* **EXERCISE OBJECTIVE**
Copy every entry as is. Leave images out.

* **EXERCISE MATERIAL**

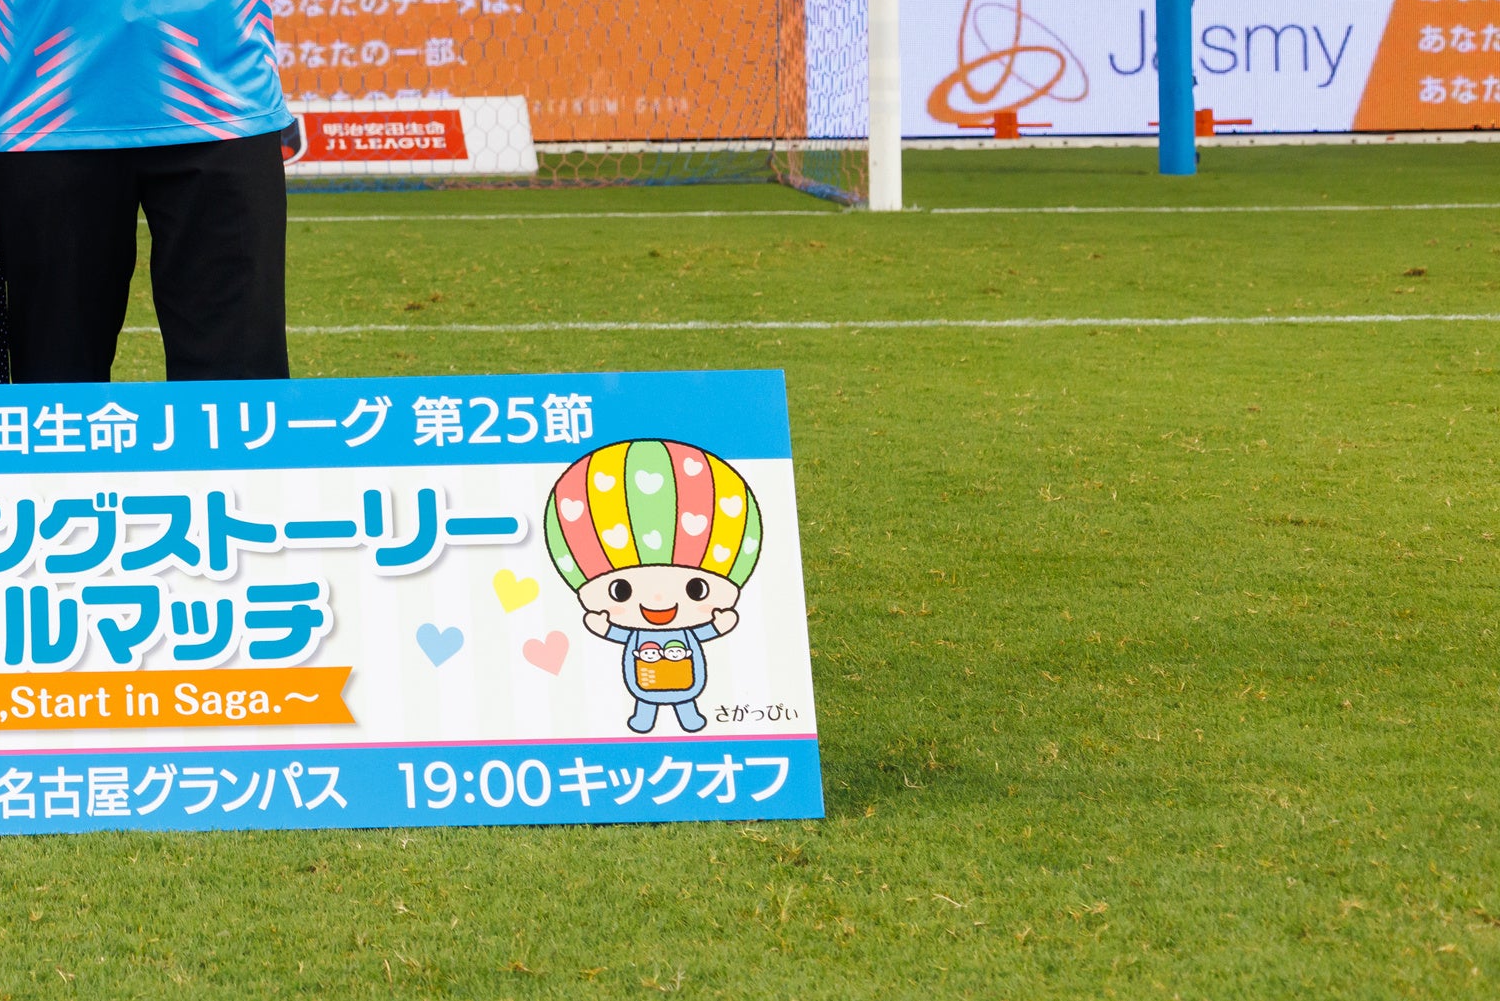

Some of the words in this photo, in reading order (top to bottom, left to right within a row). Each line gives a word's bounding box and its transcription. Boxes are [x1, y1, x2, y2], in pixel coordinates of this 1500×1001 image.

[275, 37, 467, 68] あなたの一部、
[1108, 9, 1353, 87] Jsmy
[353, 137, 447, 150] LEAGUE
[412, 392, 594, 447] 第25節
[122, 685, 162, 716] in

* **TASK RESULT**
Some of the words in this photo, in reading order (top to bottom, left to right within a row). Each line gives a word's bounding box and its transcription. Boxes are [x1, y1, x2, y2], in pixel coordinates of this 1500×1001 image.

[275, 37, 467, 68] あなたの一部、
[1108, 9, 1353, 87] Jsmy
[353, 137, 447, 150] LEAGUE
[412, 392, 594, 447] 第25節
[122, 685, 162, 716] in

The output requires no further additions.